=== Records for the exercise ===
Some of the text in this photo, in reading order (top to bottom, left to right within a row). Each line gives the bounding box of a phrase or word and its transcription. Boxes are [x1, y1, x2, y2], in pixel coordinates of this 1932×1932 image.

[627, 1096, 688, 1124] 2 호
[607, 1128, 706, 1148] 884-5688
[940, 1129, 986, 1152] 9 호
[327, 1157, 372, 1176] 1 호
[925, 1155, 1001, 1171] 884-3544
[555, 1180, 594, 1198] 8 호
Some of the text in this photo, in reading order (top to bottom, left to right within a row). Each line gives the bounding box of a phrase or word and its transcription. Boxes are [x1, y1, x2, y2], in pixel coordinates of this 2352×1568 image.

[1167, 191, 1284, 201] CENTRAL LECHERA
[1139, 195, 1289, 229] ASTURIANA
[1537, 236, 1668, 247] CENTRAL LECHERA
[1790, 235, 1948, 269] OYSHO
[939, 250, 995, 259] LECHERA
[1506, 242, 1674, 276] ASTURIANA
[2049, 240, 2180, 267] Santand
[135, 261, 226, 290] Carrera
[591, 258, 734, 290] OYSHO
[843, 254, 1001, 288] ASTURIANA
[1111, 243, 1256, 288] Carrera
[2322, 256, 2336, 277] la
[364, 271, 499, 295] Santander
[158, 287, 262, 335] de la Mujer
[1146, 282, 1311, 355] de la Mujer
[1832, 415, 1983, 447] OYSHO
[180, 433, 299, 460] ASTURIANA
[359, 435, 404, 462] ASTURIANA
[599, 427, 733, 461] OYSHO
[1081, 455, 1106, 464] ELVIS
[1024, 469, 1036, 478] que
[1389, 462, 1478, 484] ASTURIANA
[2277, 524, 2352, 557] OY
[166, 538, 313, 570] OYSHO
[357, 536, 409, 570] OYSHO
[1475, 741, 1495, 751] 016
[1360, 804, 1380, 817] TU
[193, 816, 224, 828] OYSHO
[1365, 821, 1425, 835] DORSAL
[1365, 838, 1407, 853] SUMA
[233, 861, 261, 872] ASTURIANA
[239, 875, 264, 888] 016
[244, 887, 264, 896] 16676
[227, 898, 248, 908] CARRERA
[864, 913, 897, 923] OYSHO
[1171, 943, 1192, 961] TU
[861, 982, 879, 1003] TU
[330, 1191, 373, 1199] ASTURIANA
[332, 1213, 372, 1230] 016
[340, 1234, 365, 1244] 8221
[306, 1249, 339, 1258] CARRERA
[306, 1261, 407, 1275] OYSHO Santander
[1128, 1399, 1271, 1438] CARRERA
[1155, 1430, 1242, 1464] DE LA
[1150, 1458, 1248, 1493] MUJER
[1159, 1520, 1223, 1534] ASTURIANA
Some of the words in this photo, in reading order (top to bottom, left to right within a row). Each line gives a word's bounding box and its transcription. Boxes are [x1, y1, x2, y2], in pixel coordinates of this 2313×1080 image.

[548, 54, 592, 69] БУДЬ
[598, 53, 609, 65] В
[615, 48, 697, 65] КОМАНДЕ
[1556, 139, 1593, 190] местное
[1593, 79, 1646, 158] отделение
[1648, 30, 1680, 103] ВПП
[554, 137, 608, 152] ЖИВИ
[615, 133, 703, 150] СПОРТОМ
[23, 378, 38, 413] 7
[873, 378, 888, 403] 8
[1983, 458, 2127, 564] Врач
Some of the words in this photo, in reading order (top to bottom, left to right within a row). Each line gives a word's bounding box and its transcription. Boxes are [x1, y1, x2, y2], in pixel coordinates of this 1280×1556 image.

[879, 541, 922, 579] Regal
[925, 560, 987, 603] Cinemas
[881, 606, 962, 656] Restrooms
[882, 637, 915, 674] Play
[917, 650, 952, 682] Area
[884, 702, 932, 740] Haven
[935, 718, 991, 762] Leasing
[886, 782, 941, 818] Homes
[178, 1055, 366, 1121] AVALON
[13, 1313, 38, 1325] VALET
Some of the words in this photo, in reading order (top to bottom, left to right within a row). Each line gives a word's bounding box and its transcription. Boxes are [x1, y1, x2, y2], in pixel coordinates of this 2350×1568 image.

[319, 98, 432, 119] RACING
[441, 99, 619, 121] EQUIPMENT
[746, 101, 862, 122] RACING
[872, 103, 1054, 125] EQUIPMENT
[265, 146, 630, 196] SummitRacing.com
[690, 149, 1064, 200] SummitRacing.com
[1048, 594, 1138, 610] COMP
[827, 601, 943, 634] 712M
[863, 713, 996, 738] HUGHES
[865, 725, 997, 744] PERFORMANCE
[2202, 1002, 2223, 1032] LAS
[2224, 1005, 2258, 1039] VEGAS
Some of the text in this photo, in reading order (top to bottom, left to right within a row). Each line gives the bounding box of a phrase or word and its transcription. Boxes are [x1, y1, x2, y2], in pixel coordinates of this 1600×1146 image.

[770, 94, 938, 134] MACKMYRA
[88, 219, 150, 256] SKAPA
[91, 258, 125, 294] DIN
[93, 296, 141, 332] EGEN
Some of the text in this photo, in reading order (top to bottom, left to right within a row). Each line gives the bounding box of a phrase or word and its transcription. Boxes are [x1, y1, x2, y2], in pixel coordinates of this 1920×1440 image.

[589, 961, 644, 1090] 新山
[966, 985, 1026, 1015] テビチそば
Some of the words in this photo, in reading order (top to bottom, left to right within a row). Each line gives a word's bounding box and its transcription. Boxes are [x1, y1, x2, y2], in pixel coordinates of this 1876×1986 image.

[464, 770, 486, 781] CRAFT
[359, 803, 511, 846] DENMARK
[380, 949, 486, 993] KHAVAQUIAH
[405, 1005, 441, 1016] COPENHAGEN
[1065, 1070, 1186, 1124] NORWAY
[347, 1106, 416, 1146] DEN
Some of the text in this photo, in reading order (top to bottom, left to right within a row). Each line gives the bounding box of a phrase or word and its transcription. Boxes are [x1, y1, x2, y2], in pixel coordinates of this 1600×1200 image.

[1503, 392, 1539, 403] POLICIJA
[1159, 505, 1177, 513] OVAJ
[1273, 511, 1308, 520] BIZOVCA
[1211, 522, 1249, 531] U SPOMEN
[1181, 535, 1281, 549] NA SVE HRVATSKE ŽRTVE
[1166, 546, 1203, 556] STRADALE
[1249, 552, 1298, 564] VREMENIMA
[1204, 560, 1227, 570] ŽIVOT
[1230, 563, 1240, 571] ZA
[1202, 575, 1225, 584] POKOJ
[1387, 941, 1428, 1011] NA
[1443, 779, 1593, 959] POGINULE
===
Without any change, write the listing out again.

Written answer:
Some of the text in this photo, in reading order (top to bottom, left to right within a row). Each line gives the bounding box of a phrase or word and its transcription. Boxes are [x1, y1, x2, y2], in pixel coordinates of this 1932×1932 image.

[627, 1096, 688, 1124] 2 호
[607, 1128, 706, 1148] 884-5688
[940, 1129, 986, 1152] 9 호
[327, 1157, 372, 1176] 1 호
[925, 1155, 1001, 1171] 884-3544
[555, 1180, 594, 1198] 8 호
Some of the text in this photo, in reading order (top to bottom, left to right within a row). Each line gives the bounding box of a phrase or word and its transcription. Boxes are [x1, y1, x2, y2], in pixel coordinates of this 2352×1568 image.

[1167, 191, 1284, 201] CENTRAL LECHERA
[1139, 195, 1289, 229] ASTURIANA
[1537, 236, 1668, 247] CENTRAL LECHERA
[1790, 235, 1948, 269] OYSHO
[939, 250, 995, 259] LECHERA
[1506, 242, 1674, 276] ASTURIANA
[2049, 240, 2180, 267] Santand
[135, 261, 226, 290] Carrera
[591, 258, 734, 290] OYSHO
[843, 254, 1001, 288] ASTURIANA
[1111, 243, 1256, 288] Carrera
[2322, 256, 2336, 277] la
[364, 271, 499, 295] Santander
[158, 287, 262, 335] de la Mujer
[1146, 282, 1311, 355] de la Mujer
[1832, 415, 1983, 447] OYSHO
[180, 433, 299, 460] ASTURIANA
[359, 435, 404, 462] ASTURIANA
[599, 427, 733, 461] OYSHO
[1081, 455, 1106, 464] ELVIS
[1024, 469, 1036, 478] que
[1389, 462, 1478, 484] ASTURIANA
[2277, 524, 2352, 557] OY
[166, 538, 313, 570] OYSHO
[357, 536, 409, 570] OYSHO
[1475, 741, 1495, 751] 016
[1360, 804, 1380, 817] TU
[193, 816, 224, 828] OYSHO
[1365, 821, 1425, 835] DORSAL
[1365, 838, 1407, 853] SUMA
[233, 861, 261, 872] ASTURIANA
[239, 875, 264, 888] 016
[244, 887, 264, 896] 16676
[227, 898, 248, 908] CARRERA
[864, 913, 897, 923] OYSHO
[1171, 943, 1192, 961] TU
[861, 982, 879, 1003] TU
[330, 1191, 373, 1199] ASTURIANA
[332, 1213, 372, 1230] 016
[340, 1234, 365, 1244] 8221
[306, 1249, 339, 1258] CARRERA
[306, 1261, 407, 1275] OYSHO Santander
[1128, 1399, 1271, 1438] CARRERA
[1155, 1430, 1242, 1464] DE LA
[1150, 1458, 1248, 1493] MUJER
[1159, 1520, 1223, 1534] ASTURIANA
Some of the words in this photo, in reading order (top to bottom, left to right within a row). Each line gives a word's bounding box and its transcription. Boxes are [x1, y1, x2, y2], in pixel coordinates of this 2313×1080 image.

[548, 54, 592, 69] БУДЬ
[598, 53, 609, 65] В
[615, 48, 697, 65] КОМАНДЕ
[1556, 139, 1593, 190] местное
[1593, 79, 1646, 158] отделение
[1648, 30, 1680, 103] ВПП
[554, 137, 608, 152] ЖИВИ
[615, 133, 703, 150] СПОРТОМ
[23, 378, 38, 413] 7
[873, 378, 888, 403] 8
[1983, 458, 2127, 564] Врач
Some of the words in this photo, in reading order (top to bottom, left to right within a row). Each line gives a word's bounding box and its transcription. Boxes are [x1, y1, x2, y2], in pixel coordinates of this 1280×1556 image.

[879, 541, 922, 579] Regal
[925, 560, 987, 603] Cinemas
[881, 606, 962, 656] Restrooms
[882, 637, 915, 674] Play
[917, 650, 952, 682] Area
[884, 702, 932, 740] Haven
[935, 718, 991, 762] Leasing
[886, 782, 941, 818] Homes
[178, 1055, 366, 1121] AVALON
[13, 1313, 38, 1325] VALET
Some of the words in this photo, in reading order (top to bottom, left to right within a row). Each line gives a word's bounding box and its transcription. Boxes are [x1, y1, x2, y2], in pixel coordinates of this 2350×1568 image.

[319, 98, 432, 119] RACING
[441, 99, 619, 121] EQUIPMENT
[746, 101, 862, 122] RACING
[872, 103, 1054, 125] EQUIPMENT
[265, 146, 630, 196] SummitRacing.com
[690, 149, 1064, 200] SummitRacing.com
[1048, 594, 1138, 610] COMP
[827, 601, 943, 634] 712M
[863, 713, 996, 738] HUGHES
[865, 725, 997, 744] PERFORMANCE
[2202, 1002, 2223, 1032] LAS
[2224, 1005, 2258, 1039] VEGAS
Some of the text in this photo, in reading order (top to bottom, left to right within a row). Each line gives the bounding box of a phrase or word and its transcription. Boxes are [x1, y1, x2, y2], in pixel coordinates of this 1600×1146 image.

[770, 94, 938, 134] MACKMYRA
[88, 219, 150, 256] SKAPA
[91, 258, 125, 294] DIN
[93, 296, 141, 332] EGEN
Some of the text in this photo, in reading order (top to bottom, left to right within a row). Each line gives the bounding box of a phrase or word and its transcription. Boxes are [x1, y1, x2, y2], in pixel coordinates of this 1920×1440 image.

[589, 961, 644, 1090] 新山
[966, 985, 1026, 1015] テビチそば
Some of the words in this photo, in reading order (top to bottom, left to right within a row). Each line gives a word's bounding box and its transcription. Boxes are [x1, y1, x2, y2], in pixel coordinates of this 1876×1986 image.

[464, 770, 486, 781] CRAFT
[359, 803, 511, 846] DENMARK
[380, 949, 486, 993] KHAVAQUIAH
[405, 1005, 441, 1016] COPENHAGEN
[1065, 1070, 1186, 1124] NORWAY
[347, 1106, 416, 1146] DEN
Some of the text in this photo, in reading order (top to bottom, left to right within a row). Each line gives the bounding box of a phrase or word and its transcription. Boxes are [x1, y1, x2, y2], in pixel coordinates of this 1600×1200 image.

[1503, 392, 1539, 403] POLICIJA
[1159, 505, 1177, 513] OVAJ
[1273, 511, 1308, 520] BIZOVCA
[1211, 522, 1249, 531] U SPOMEN
[1181, 535, 1281, 549] NA SVE HRVATSKE ŽRTVE
[1166, 546, 1203, 556] STRADALE
[1249, 552, 1298, 564] VREMENIMA
[1204, 560, 1227, 570] ŽIVOT
[1230, 563, 1240, 571] ZA
[1202, 575, 1225, 584] POKOJ
[1387, 941, 1428, 1011] NA
[1443, 779, 1593, 959] POGINULE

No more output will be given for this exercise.